Your job is to retype the whole listing exactly.

★ ★ ★ ★ ★ ★ ★

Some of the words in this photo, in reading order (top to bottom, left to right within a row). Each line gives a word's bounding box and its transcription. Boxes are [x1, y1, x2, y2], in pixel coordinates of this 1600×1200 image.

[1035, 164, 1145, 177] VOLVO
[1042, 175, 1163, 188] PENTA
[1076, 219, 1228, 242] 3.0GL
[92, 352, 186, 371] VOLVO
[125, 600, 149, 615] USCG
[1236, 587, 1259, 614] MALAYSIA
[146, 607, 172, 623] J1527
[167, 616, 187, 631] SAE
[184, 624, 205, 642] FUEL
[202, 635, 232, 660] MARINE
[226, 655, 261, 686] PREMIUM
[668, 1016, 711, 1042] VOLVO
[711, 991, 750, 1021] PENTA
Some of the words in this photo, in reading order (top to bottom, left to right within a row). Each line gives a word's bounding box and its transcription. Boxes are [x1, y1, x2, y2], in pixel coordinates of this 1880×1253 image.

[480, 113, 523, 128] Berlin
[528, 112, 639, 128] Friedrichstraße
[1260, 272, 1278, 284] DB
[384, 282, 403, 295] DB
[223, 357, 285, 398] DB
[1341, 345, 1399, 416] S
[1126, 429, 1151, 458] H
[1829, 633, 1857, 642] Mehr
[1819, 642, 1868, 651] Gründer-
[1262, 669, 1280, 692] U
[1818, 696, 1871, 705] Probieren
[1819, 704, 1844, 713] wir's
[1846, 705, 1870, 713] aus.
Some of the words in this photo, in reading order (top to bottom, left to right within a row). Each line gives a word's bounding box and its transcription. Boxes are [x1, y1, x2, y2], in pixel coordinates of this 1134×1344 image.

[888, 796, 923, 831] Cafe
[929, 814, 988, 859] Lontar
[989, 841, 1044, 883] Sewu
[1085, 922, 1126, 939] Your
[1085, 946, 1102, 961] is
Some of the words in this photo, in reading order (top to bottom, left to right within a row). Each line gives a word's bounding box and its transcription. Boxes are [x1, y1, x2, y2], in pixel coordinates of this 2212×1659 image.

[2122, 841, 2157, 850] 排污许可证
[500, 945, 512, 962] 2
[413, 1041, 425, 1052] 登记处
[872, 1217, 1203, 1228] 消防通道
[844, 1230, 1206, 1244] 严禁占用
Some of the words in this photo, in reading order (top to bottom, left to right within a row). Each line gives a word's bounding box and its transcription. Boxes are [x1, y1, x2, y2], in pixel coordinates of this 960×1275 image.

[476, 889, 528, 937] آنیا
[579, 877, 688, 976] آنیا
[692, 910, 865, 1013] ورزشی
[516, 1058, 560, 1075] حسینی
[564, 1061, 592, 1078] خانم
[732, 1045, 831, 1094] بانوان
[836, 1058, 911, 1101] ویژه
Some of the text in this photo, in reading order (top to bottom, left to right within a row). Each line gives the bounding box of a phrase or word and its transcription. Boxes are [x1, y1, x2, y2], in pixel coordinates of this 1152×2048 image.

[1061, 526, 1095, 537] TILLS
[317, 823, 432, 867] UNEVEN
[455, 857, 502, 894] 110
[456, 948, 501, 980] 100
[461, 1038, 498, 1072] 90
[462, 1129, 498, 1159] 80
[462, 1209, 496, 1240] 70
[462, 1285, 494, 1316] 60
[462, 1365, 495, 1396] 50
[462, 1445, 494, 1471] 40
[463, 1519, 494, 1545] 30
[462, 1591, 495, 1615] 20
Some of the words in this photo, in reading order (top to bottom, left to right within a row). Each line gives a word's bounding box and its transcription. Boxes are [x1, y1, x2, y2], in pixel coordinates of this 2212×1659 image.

★ ★ ★ ★ ★ ★ ★

• _Exercise answer_:
Some of the words in this photo, in reading order (top to bottom, left to right within a row). Each line gives a word's bounding box and its transcription. Boxes are [x1, y1, x2, y2], in pixel coordinates of this 1600×1200 image.

[1035, 164, 1145, 177] VOLVO
[1042, 175, 1163, 188] PENTA
[1076, 219, 1228, 242] 3.0GL
[92, 352, 186, 371] VOLVO
[125, 600, 149, 615] USCG
[1236, 587, 1259, 614] MALAYSIA
[146, 607, 172, 623] J1527
[167, 616, 187, 631] SAE
[184, 624, 205, 642] FUEL
[202, 635, 232, 660] MARINE
[226, 655, 261, 686] PREMIUM
[668, 1016, 711, 1042] VOLVO
[711, 991, 750, 1021] PENTA
Some of the words in this photo, in reading order (top to bottom, left to right within a row). Each line gives a word's bounding box and its transcription. Boxes are [x1, y1, x2, y2], in pixel coordinates of this 1880×1253 image.

[480, 113, 523, 128] Berlin
[528, 112, 639, 128] Friedrichstraße
[1260, 272, 1278, 284] DB
[384, 282, 403, 295] DB
[223, 357, 285, 398] DB
[1341, 345, 1399, 416] S
[1126, 429, 1151, 458] H
[1829, 633, 1857, 642] Mehr
[1819, 642, 1868, 651] Gründer-
[1262, 669, 1280, 692] U
[1818, 696, 1871, 705] Probieren
[1819, 704, 1844, 713] wir's
[1846, 705, 1870, 713] aus.
Some of the words in this photo, in reading order (top to bottom, left to right within a row). Each line gives a word's bounding box and its transcription. Boxes are [x1, y1, x2, y2], in pixel coordinates of this 1134×1344 image.

[888, 796, 923, 831] Cafe
[929, 814, 988, 859] Lontar
[989, 841, 1044, 883] Sewu
[1085, 922, 1126, 939] Your
[1085, 946, 1102, 961] is
Some of the words in this photo, in reading order (top to bottom, left to right within a row). Each line gives a word's bounding box and its transcription. Boxes are [x1, y1, x2, y2], in pixel coordinates of this 2212×1659 image.

[2122, 841, 2157, 850] 排污许可证
[500, 945, 512, 962] 2
[413, 1041, 425, 1052] 登记处
[872, 1217, 1203, 1228] 消防通道
[844, 1230, 1206, 1244] 严禁占用
Some of the words in this photo, in reading order (top to bottom, left to right within a row). Each line gives a word's bounding box and its transcription. Boxes are [x1, y1, x2, y2], in pixel coordinates of this 960×1275 image.

[476, 889, 528, 937] آنیا
[579, 877, 688, 976] آنیا
[692, 910, 865, 1013] ورزشی
[516, 1058, 560, 1075] حسینی
[564, 1061, 592, 1078] خانم
[732, 1045, 831, 1094] بانوان
[836, 1058, 911, 1101] ویژه
Some of the text in this photo, in reading order (top to bottom, left to right within a row). Each line gives the bounding box of a phrase or word and its transcription. Boxes are [x1, y1, x2, y2], in pixel coordinates of this 1152×2048 image.

[1061, 526, 1095, 537] TILLS
[317, 823, 432, 867] UNEVEN
[455, 857, 502, 894] 110
[456, 948, 501, 980] 100
[461, 1038, 498, 1072] 90
[462, 1129, 498, 1159] 80
[462, 1209, 496, 1240] 70
[462, 1285, 494, 1316] 60
[462, 1365, 495, 1396] 50
[462, 1445, 494, 1471] 40
[463, 1519, 494, 1545] 30
[462, 1591, 495, 1615] 20
Some of the words in this photo, in reading order (top to bottom, left to right within a row). Each line gives a word's bounding box and its transcription. Boxes are [x1, y1, x2, y2], in pixel coordinates of this 2212×1659 image.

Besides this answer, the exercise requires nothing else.